Retour en France pour Demolition Party de Marie Amachoukeli, une version roots du road-movie de Husson, où le camping-car remplace le 4x4 climatisé, où les pics montagneux du Languedoc succèdent aux a‑plats déserts de la Death Valley, mais qui bégaie la même angoisse existentielle petit bras, et participe de cette sensation pénible qu’un court métrage doit se contenter de dérouler son programme et juste cela. À Vendôme, on sentait parfois les récits à l’étroit et hésitants, attirés par leur conclusion comme par un aimant, de telle sorte que rien de périphérique n’osait y être exploré, que tout s’y enchaînait sans rien peser. Et trop de films prometteurs donnaient l’impression de s’achever sans avoir réussi à trouver leur cœur. C’est en proportion de ces défaillances qu’on apprécie d’autant plus chaleureusement Gambozinos de João Nicolau. En effet, malgré son aspect décousu parfois trop accommodant, le film, qui enchaîne les saynètes au sein d’une colonie de vacances sud-américaines, fait preuve de beaucoup d’allégresse dans la tenue de sa fable et nimbe son univers d’un fantastique carnavalesque assez charmant. Avec son beau monstre salvateur (le Dahus du titre français), gros macaque tout droit sorti d’Oncle Boonmee ou de La Jeune Fille de l’eau, il a réjoui les yeux et les cœurs par sa manière de vaporiser son originalité avec simplicité, ponctualité et – disons-le, car cela manquait peut-être un peu à Vendôme – un certain sens de la poésie.

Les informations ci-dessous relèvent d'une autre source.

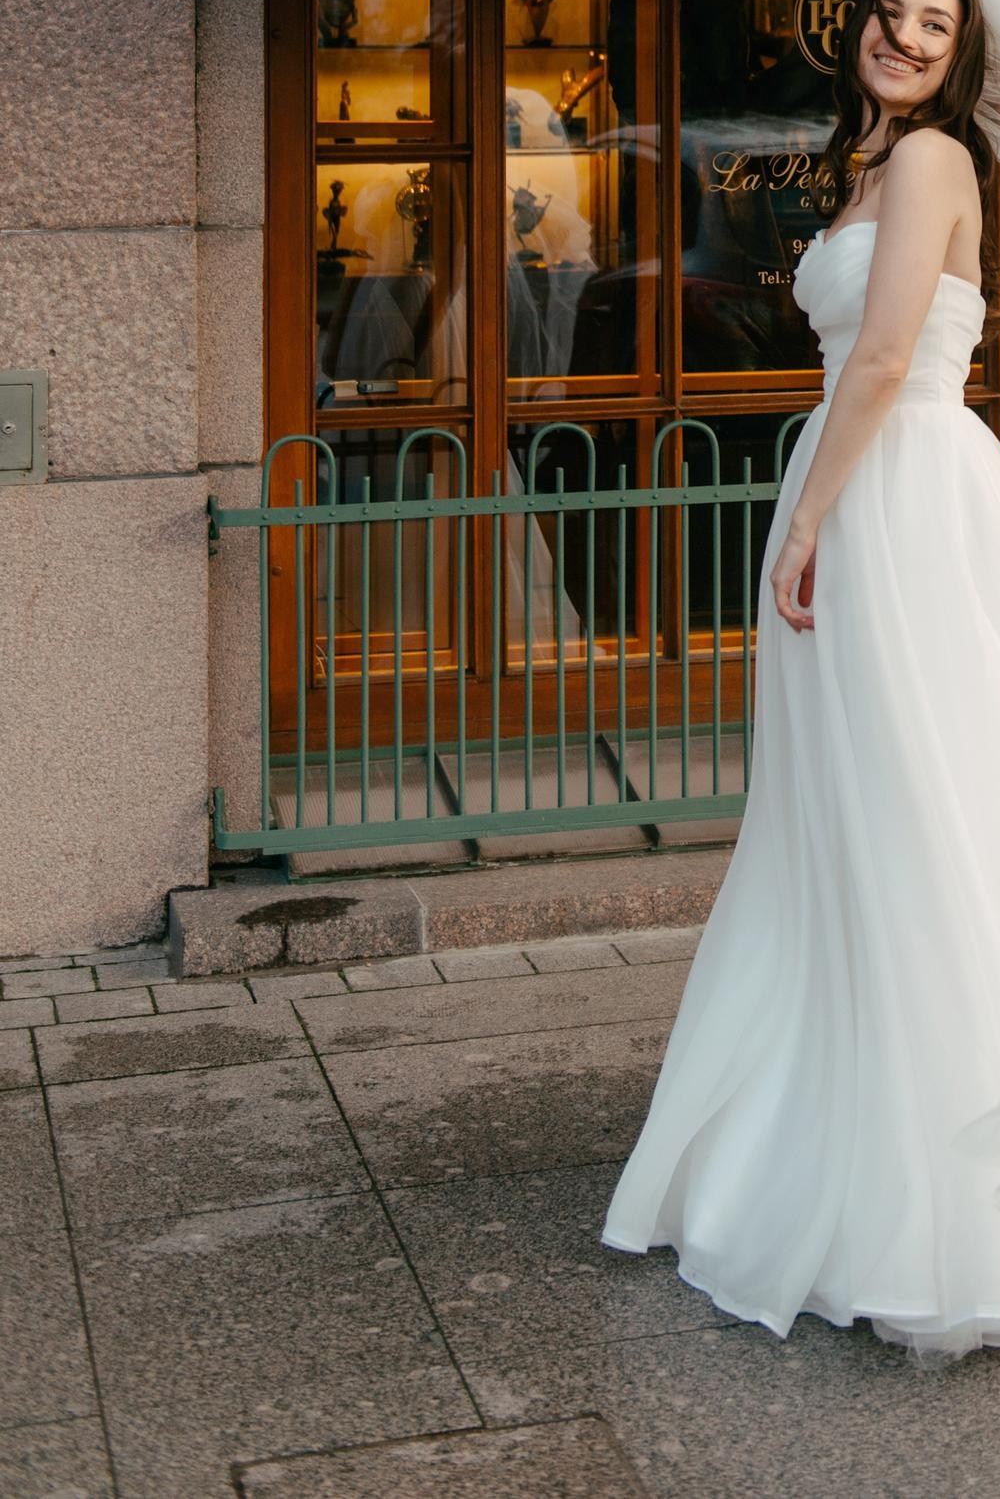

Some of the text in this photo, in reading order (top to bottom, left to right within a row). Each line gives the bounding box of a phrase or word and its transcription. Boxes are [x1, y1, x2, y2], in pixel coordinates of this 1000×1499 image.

[708, 151, 857, 192] La Petie
[757, 271, 792, 285] Tel.:
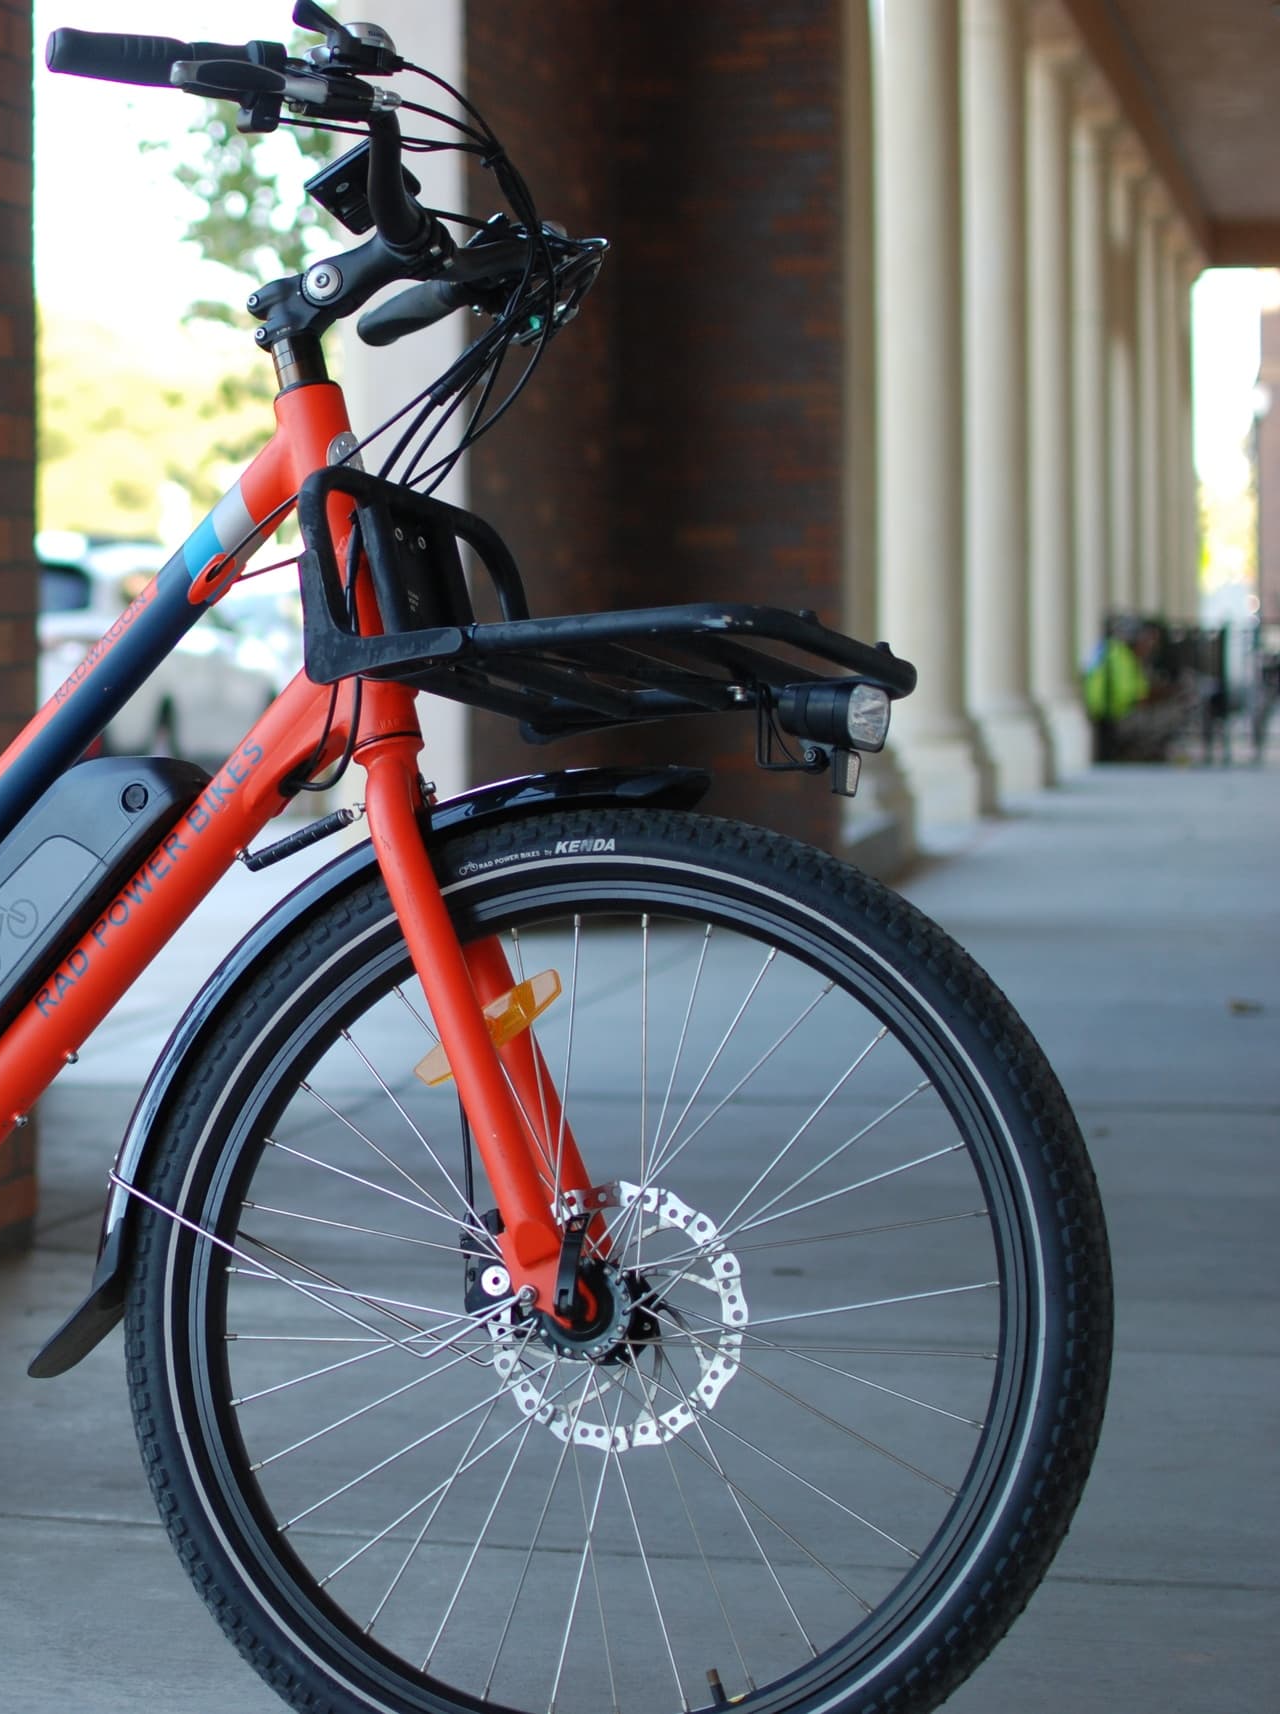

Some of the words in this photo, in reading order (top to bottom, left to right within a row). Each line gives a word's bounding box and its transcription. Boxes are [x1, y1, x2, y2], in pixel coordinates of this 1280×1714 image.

Pour trouver de la lyre et du souffle, il fallait donc changer de climat et s’approcher du tropique du Capricorne. C’est ce à quoi nous invite aussi le film d’Adriano Valerio, qui prend la mer direction l’autre bout du monde, à Tristan da Cunha, île vulnérable et minuscule perdue dans l’Atlantique Sud. Ce sont d’ailleurs les coordonnées de ce petit bout de terre qui donnent au film son titre : 37°4 S. Le réalisateur profite de ce théâtre naturel et ouvert au vent pour gonfler les voiles des confidences – celles de son personnage principal, un jeune amoureux dont la petite amie s’est téléportée en Angleterre. Ici, la forme courte et leste raccorde idéalement avec la nature isolée, chétive, autonome du lieu qui lui sert de décor, et conjugue puissance des éléments et élasticité du montage pour conférer à cette bouteille à la mer, peuplée de souvenirs, d’affects, d’épaisseurs et de transparences, l’amplitude des grands récits tragiques.
Ecce homo cartoon
C’est aussi cette panique des échelles qui nous a fait succomber au formidable Us d’Ulrich Totier. Dans le genre toujours subalterne en festival de l’animation formaliste, cette savoureuse fantaisie anthropologique a emporté notre enthousiasme autant que celle du Minotaure grâce à un minimalisme esthétique entièrement au service de son récit initiatique. Une initiation à la fois dérisoire et olympienne, puisqu’il s’agit rien moins que de retourner aux origines de nos sociétés par l’abstraction et le cartoon. Sans la moindre gonflette expérimentale, Ulrich Totier fait s’exciter une bande d’humanoïdes décervelées autour d’un gros caillou tombé des poches du 2001 de Kubrick. Délirant, minéral, gourmand, crayonné à même un gigantesque espace vide, le récit se répand plutôt qu’il n’avance, pris d’une hystérie centrifuge qui fait feu des quatre fers. Dans l’esprit d’un Alinéa sous ectasy, on y observe des Sims monochromes faire l’expérience des rudiments de la civilisation (ériger des autels, jouer de la musique, se brûler avec le feu) dans un alliage savoureux de parodie et de poésie, de mimétisme et de contagion. Un gros micmac désolant de clairvoyance qui a laissé de marbre le jury officiel mais a électrisé jeunes et très jeunes (Prix Jury jeune et Prix CinÉcole Vendômois).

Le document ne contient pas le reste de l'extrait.